## GIVEN ENTRIES
○ ○ ○
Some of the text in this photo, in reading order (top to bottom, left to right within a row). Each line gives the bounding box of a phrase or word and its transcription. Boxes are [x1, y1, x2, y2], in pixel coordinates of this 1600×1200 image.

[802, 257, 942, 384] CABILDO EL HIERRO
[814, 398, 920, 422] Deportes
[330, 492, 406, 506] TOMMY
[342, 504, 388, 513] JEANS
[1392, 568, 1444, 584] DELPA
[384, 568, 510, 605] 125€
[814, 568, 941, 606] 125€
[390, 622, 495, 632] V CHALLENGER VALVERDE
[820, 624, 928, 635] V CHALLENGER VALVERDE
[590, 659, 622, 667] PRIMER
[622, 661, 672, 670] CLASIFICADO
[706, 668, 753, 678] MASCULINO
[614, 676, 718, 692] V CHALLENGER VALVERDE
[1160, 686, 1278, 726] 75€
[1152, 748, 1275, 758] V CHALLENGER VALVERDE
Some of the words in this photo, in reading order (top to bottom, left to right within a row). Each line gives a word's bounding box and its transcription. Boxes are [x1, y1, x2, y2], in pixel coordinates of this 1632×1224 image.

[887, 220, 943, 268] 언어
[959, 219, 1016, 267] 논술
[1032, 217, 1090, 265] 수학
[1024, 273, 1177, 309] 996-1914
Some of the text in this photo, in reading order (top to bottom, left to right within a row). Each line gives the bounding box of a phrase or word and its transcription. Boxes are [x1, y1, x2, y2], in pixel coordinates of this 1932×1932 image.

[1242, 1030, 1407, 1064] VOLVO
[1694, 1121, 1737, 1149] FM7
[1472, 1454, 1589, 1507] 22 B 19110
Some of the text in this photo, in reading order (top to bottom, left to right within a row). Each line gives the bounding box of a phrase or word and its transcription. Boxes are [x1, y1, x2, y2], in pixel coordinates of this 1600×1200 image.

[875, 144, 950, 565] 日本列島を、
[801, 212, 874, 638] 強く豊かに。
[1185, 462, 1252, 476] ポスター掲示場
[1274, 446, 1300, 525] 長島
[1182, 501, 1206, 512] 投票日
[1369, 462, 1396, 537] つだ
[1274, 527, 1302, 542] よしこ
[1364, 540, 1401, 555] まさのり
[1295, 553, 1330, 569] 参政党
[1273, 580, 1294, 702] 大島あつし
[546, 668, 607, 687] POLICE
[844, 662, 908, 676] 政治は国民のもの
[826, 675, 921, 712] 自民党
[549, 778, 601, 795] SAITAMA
○ ○ ○
Using the records above, copy exactly the lines from the one containing "this 1932×1932 image." through the last, inclusive, and nothing else.

## FINISHED EXERCISE
Some of the text in this photo, in reading order (top to bottom, left to right within a row). Each line gives the bounding box of a phrase or word and its transcription. Boxes are [x1, y1, x2, y2], in pixel coordinates of this 1932×1932 image.

[1242, 1030, 1407, 1064] VOLVO
[1694, 1121, 1737, 1149] FM7
[1472, 1454, 1589, 1507] 22 B 19110
Some of the text in this photo, in reading order (top to bottom, left to right within a row). Each line gives the bounding box of a phrase or word and its transcription. Boxes are [x1, y1, x2, y2], in pixel coordinates of this 1600×1200 image.

[875, 144, 950, 565] 日本列島を、
[801, 212, 874, 638] 強く豊かに。
[1185, 462, 1252, 476] ポスター掲示場
[1274, 446, 1300, 525] 長島
[1182, 501, 1206, 512] 投票日
[1369, 462, 1396, 537] つだ
[1274, 527, 1302, 542] よしこ
[1364, 540, 1401, 555] まさのり
[1295, 553, 1330, 569] 参政党
[1273, 580, 1294, 702] 大島あつし
[546, 668, 607, 687] POLICE
[844, 662, 908, 676] 政治は国民のもの
[826, 675, 921, 712] 自民党
[549, 778, 601, 795] SAITAMA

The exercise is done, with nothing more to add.